Obesity problem in Kenya
A recent study that was released few weeks back showing that a third of Kenya’s women are either obese or overweight,points to a country facing a plus size epidemic.It is ironic that this is the same country where millions of people face starvation every few years due erratic weather patterns.Not dwelling much on the report that lacked beyond basic facts, Kenyan women and their male counterparts need to know that as well as the obvious health gains, there are social, economic and environmental benefits from having a physically active society.Inactivity is a leading contributor to the burden of disease and plays a major role in Kenya’s obesity epidemic. The study shows just how quickly obesity is increasing in Kenya and how the trajectory will continue unless Kenyans change their ways.Current public health guidelines recommend adults undertake at least 30 minutes of at least moderate-intensity physical activity five days per week. This need not be structured exercise and can include three ten-minute brisk walks a day to the bus stop or to buy dinner is sufficient.Recommendations for children vary depending on their age. Kids under five should accumulate at least three hours of physical activity every day and this includes any level of movement, from light intensity play through to vigorous activity. Five to 17 year-olds should aim for at least 50 minutes of moderate to vigorous intensity activity per day.Limits to television viewing, computer use and video games are also recommended for young people: zero screen time under two years; a maximum of one hour per day for two- to five-year-olds and no more than two hours per day from five to 17-year-olds.The ministry of Health in Kenya is in the process of reviewing and updating its physical activity recommendations across the lifespan. But government initiatives and policies that promote physical activity and movement are the responsibility of more than just the health department.Few Kenyans consider the role of state justice departments, for instance, in ensuring they have a safe environment to walk the streets free from concerns about their personal safety or that of their children.
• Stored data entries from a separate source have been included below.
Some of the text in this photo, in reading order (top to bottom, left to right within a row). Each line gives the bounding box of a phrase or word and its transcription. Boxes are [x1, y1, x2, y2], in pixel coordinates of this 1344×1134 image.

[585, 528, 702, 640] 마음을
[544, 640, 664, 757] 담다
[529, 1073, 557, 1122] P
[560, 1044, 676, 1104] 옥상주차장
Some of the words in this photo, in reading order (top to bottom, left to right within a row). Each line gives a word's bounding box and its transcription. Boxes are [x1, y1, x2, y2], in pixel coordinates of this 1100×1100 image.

The role of bodies which are responsible for maintaining, improving and identifying new locations for accessible parks and public open spaces are also critical.
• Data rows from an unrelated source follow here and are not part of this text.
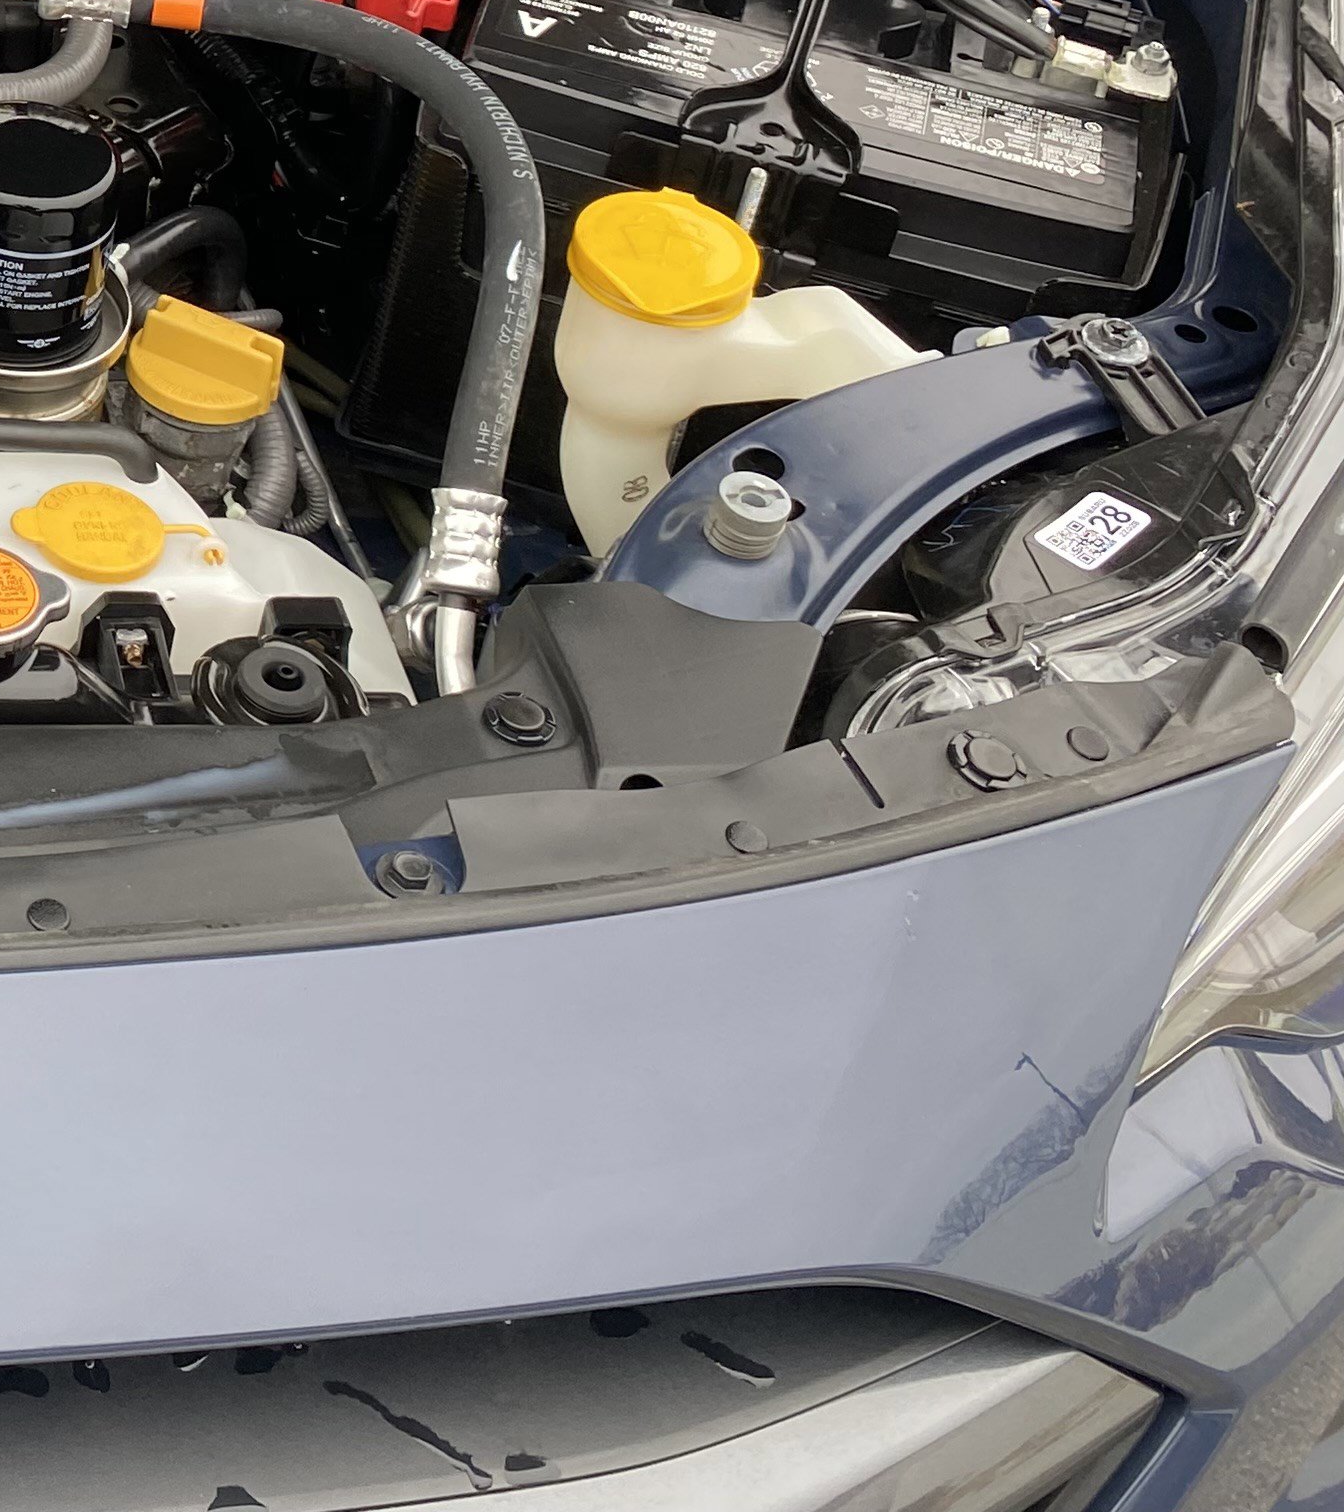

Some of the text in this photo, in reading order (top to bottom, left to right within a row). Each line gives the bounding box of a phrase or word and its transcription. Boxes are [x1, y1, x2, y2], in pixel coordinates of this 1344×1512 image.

[587, 44, 706, 79] COLD CRANKING AMPS
[637, 48, 680, 65] AMPS
[684, 42, 712, 55] LN2
[938, 135, 1066, 174] DANGER/POISON
[473, 419, 491, 465] 11HP
[1088, 505, 1132, 535] 28
Urban planners, property developers, architects, engineers, teachers, local government agencies, as well as the transport, sport and recreation, and health sectors all have important roles to play in a coordinated approach.It’s never too early to begin promoting movement and physical activity, particularly if it’s intended to prevent unhealthy weight gain.Programs in preschools promotes the consumption of fruit and vegetables and teaches young children basic movement skills such as throwing, catching, jumping, skipping and kicking. This program has had a significant impact on the participants’ skill mastery, even several years later.It’s disturbing that the single largest decline in physical activity during childhood occurs when a child starts primary school. Children in Kenya public schools sit, on average, around 7 hours out of a 8 hour school day. There’s no doubt the curriculum is crowded, but it is possible to meet these educational demands in active ways,delivering standing lessons, or giving active homework. Active transport to school initiatives have received support from governments but funding is rarely sustained.There may be a role for the transport sector and urban planners in promoting active commuting or public transport to and from school by identifying safe routes, further subsidising fares or even introducing free travel for children on their school route.One policy initiative for Kenyan schools to consider is early dismissal of children who are walking home from school. This should be a strong incentive for children to use active transport and would reduce the injury risk from the Matatu pick up rush after school hours.The role of families and parents in supporting children’s physical activity is through encouraging parents to play and be active with their children, along with limiting screen time, generally a sensible way to promote physical activity.The sport and recreation sector can play a more substantial role in promoting family-based activities, not just through children’s participation in organised sports but through engagement in active play.Hopefully, in Kenya we’ll see more sectors and organisations help to make active lives the easy choice. It’s important that government and non-government physical activity policies and initiatives support all members of the population to be active from early childhood to older adulthood.